Backlighting highlights those bracts as the panicles of tiny flowers expand. The daily changes are worth watching—very dramatic!

Nolina flowers are entomophilous—that is, they “love insects,” which disperse their pollen. Well, the honeybee is a good pollinator, while the ant is more of a nectar thief. Look at those pollen saddlebags!

You can tell that nolina is a monocot because of the linear leaves and flower parts in threes or sixes, like those of a lily. Petals and sepals are not differentiated, so we call them “tepals.” You can clearly see the projecting pollen-bearing stamens here. This visitor is a tachinid fly, Voria ruralis, I believe. You often find them on flowers, but their main claim to fame is that their larvae parasitize moth larvae, often destructive ones like cabbage loopers, fall army worms, and variegated cutworms. Cabbage loopers, like little green inchworms, have been reported “damaging broccoli, cabbage, cauliflower, Chinese cabbage, collards, kale, mustard, radish, rutabaga, turnip, and watercress. Other vegetable crops injured include beet, cantaloupe, celery, cucumber, lima bean, lettuce, parsnip, pea, pepper, potato, snap bean, spinach, squash, sweet potato, tomato, and watermelon. Additional hosts are flower crops such as chrysanthemum, hollyhock, snapdragon, and sweetpea, and field crops such as cotton and tobacco.” Wow—bring on the tachinids! We often think of flies as villains, but here is a clear agricultural hero!

I love watching nolina flowers at this time of year. Here is a Philanthus wasp, commonly called a Beewolf (no, not Beowulf—that’s a different story). As its name implies, it terrorizes bees and other wasps, paralyzing them with its stinger and placing them in nest cells, where the larvae feed on the helpless stinging insects from inside. Just bee glad they aren’t three feet long and interested in us as hosts for their babies!

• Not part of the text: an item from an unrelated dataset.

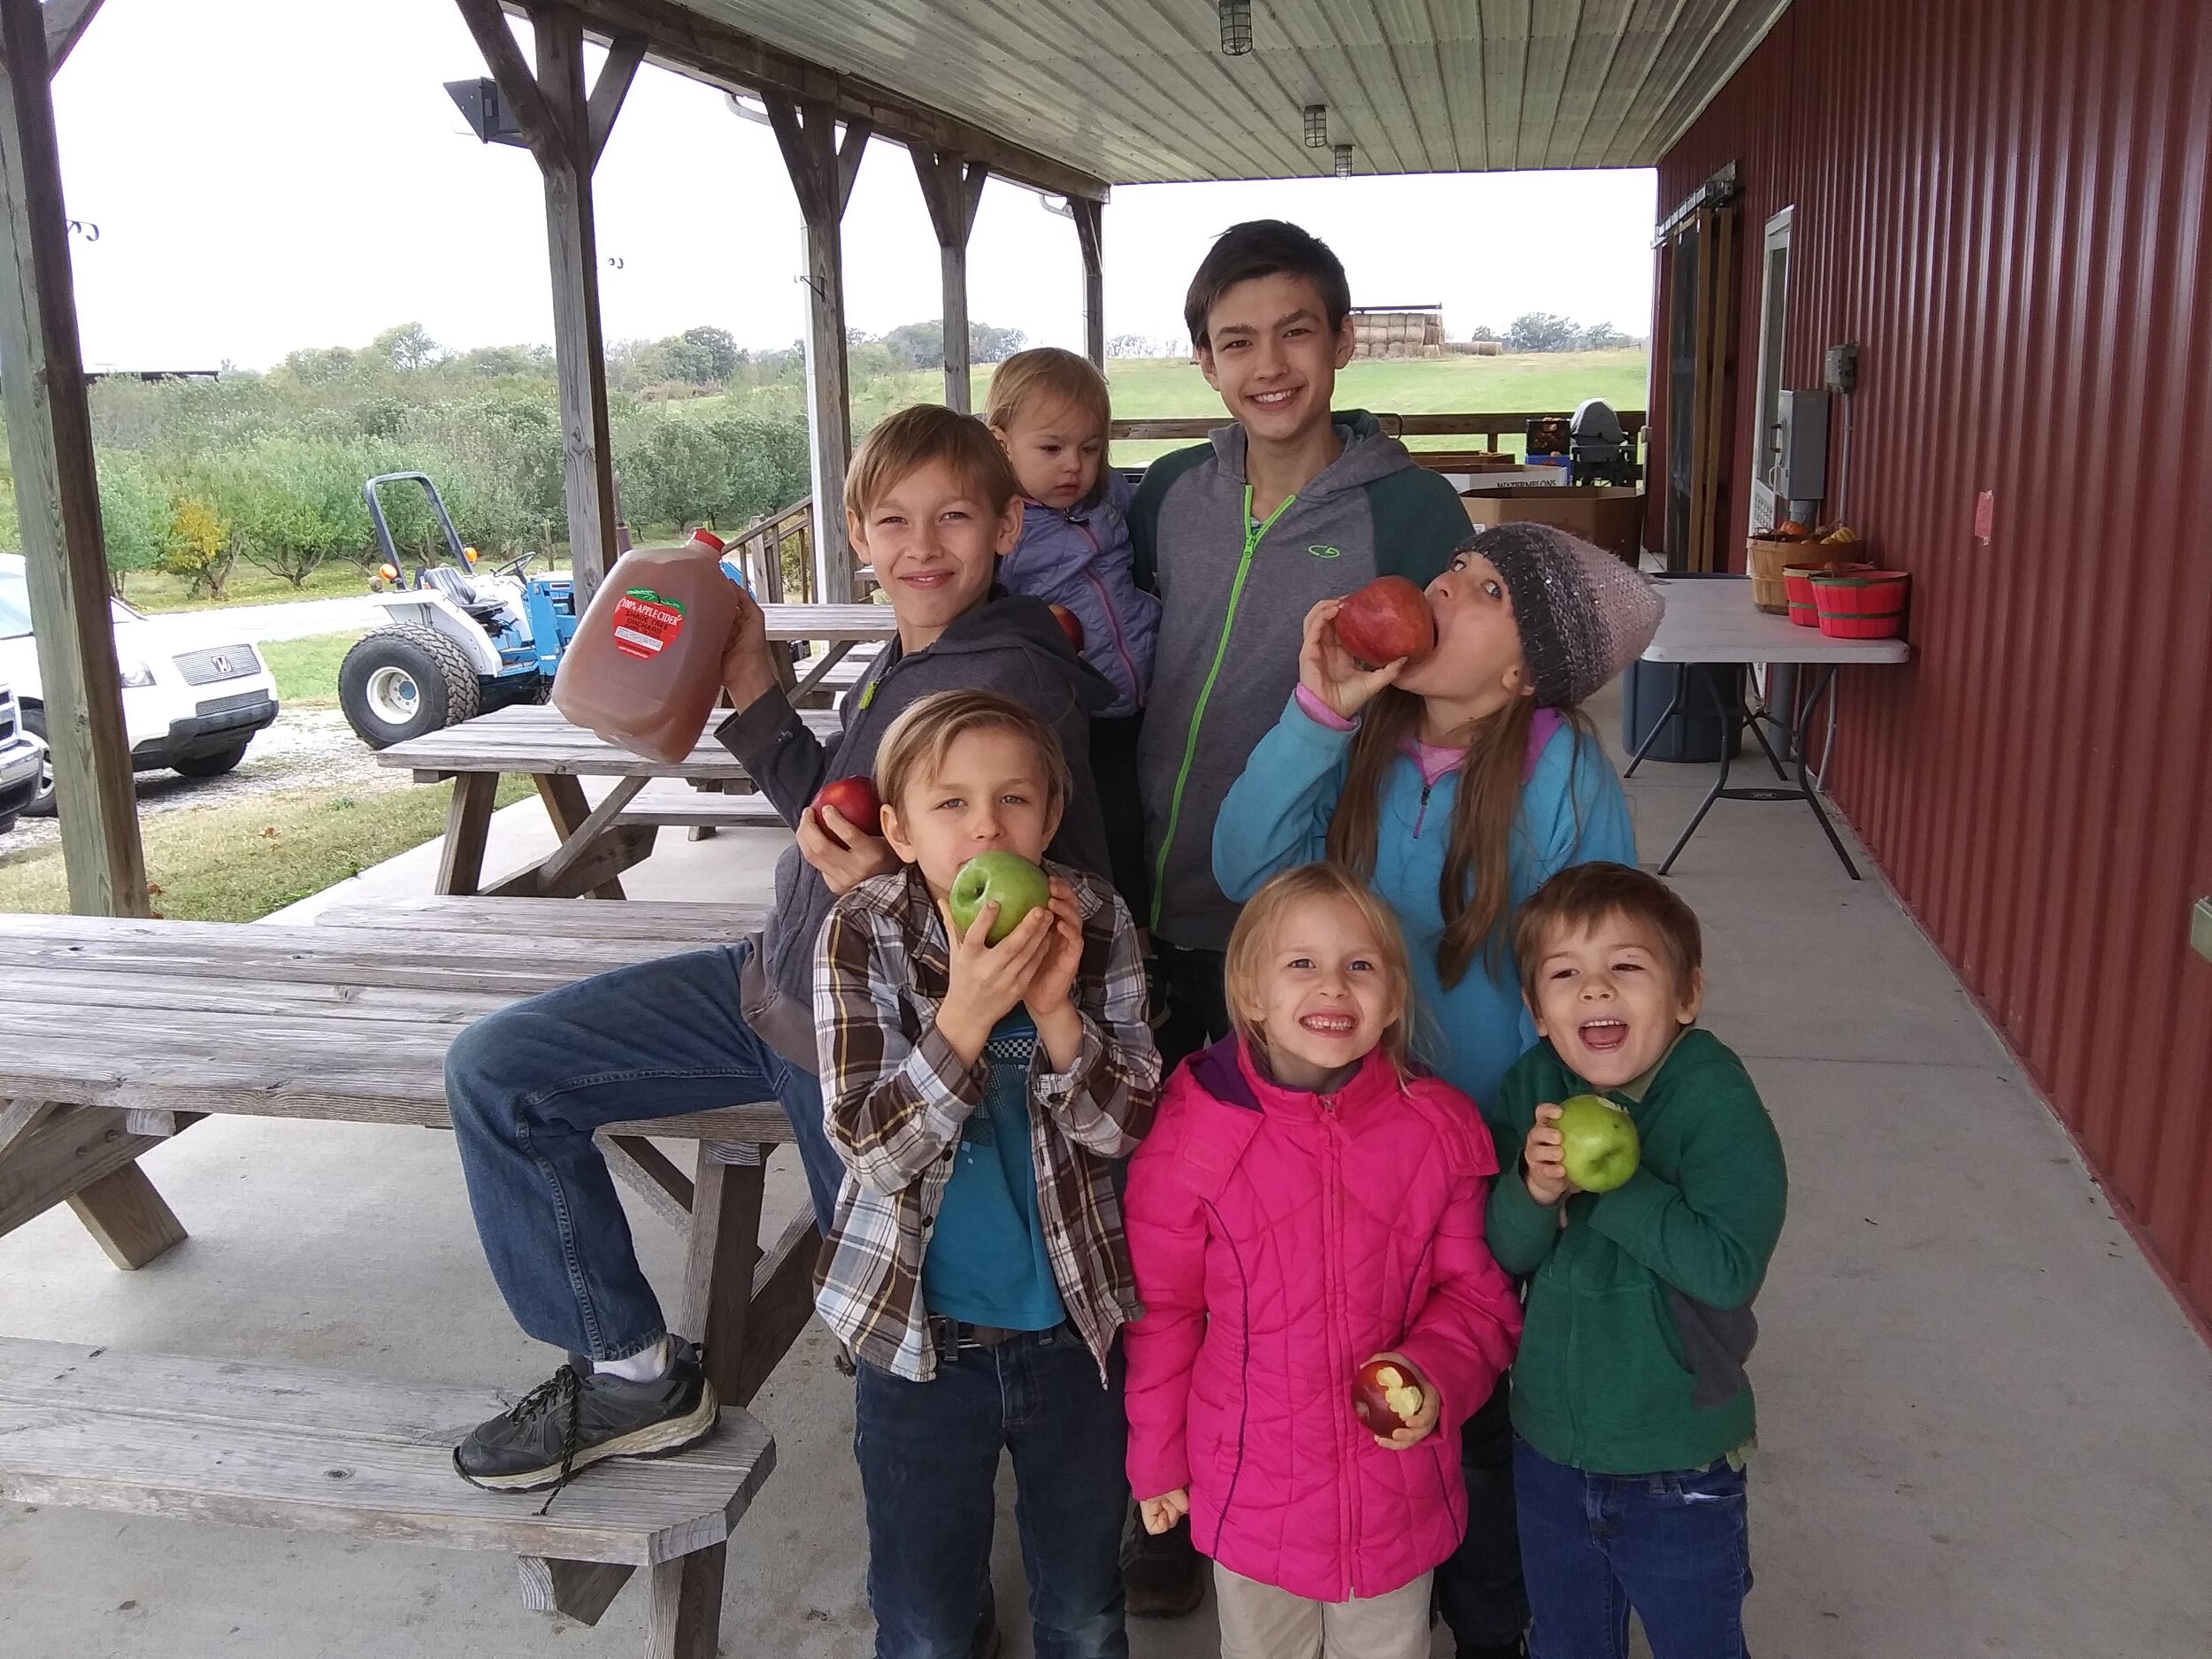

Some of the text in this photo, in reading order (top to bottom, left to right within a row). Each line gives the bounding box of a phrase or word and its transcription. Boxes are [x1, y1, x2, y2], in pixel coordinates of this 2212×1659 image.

[621, 598, 679, 626] 100% APPLE CIDER
[625, 610, 649, 623] SHADE
[651, 618, 669, 631] TREE
[626, 618, 663, 634] ORCHARD

Clumps of nolina add structural diversity to the grasslands where pronghorns roam. I took this photo in February of 2011. Right now, this very piece of ground is covered with houses and roads. I am saddened that the integrity of our grasslands has not been considered in regional planning. Pronghorn habitat has been fragmented or outright destroyed with little effort to create wildlife corridors that would keep their populations viable. We name our subdivisions for them—Pronghorn Estates, for example. Why not be honest and call it Pronghorn-genocide Estates? The logo of Chino Valley features a handsome pronghorn. Smart development doesn’t preclude planning for wildlife; in fact, the public loves pronghorns and would be delighted to count them as neighbors if their representative governments planned wisely. The grasslands around the Quad Cities have been recognized as the best pronghorn habitat in the state. Is that something that we will be happy to read about in the history books once they are extirpated? An enlightened and active citizenry could change the trajectory. Are we up to it?

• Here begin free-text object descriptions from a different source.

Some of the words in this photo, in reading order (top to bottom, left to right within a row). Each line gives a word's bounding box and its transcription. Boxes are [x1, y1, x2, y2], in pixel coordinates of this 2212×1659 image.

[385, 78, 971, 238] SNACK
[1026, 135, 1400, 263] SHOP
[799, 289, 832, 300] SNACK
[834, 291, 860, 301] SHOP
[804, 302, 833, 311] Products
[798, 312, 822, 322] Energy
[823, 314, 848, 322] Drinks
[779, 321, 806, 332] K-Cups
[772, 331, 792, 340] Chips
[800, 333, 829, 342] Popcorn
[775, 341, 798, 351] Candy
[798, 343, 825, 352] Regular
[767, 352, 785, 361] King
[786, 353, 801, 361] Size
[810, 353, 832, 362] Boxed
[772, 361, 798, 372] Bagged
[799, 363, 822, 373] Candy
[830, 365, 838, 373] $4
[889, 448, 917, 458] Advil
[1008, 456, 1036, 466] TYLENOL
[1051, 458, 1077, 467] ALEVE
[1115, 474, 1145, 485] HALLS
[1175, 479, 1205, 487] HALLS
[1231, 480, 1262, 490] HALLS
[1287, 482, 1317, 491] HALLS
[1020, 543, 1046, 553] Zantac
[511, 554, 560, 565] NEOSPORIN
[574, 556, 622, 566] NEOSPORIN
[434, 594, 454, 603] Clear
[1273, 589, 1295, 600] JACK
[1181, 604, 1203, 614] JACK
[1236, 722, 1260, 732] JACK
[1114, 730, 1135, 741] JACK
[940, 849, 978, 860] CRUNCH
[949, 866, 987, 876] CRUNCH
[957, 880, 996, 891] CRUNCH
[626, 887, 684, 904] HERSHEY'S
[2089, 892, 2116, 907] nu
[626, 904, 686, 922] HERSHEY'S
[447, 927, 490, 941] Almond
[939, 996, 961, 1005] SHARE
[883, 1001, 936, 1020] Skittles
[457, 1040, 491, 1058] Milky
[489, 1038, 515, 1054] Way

With a little luck, monsoon storms will soon sweep through our region, giving life to nolina and the countless other organisms that call grasslands home.

How fortunate we are to have some wide-open spaces, land that supports pronghorns, falcons, harriers, grassland sparrows, larks, coyotes, and even the occasional badger. Yet there are already plans to build thousands of homes on these grasslands. How many of them will even have the sensible forethought to feature nolina in water-wise landscaping? Will we foolishly pump the aquifers to the point where the Upper Verde River dies and private wells fail? Let’s not throw up our hands and concede that growth is inevitable (or essential, as the developers want us to believe). We need to elect and support people who understand that long-term sustainability is imperative. Grasslands must not become sacrifice zones. Native Americans recognized that the land is sacred, and we need to adopt that philosophy if we expect to have a livable planet in the future.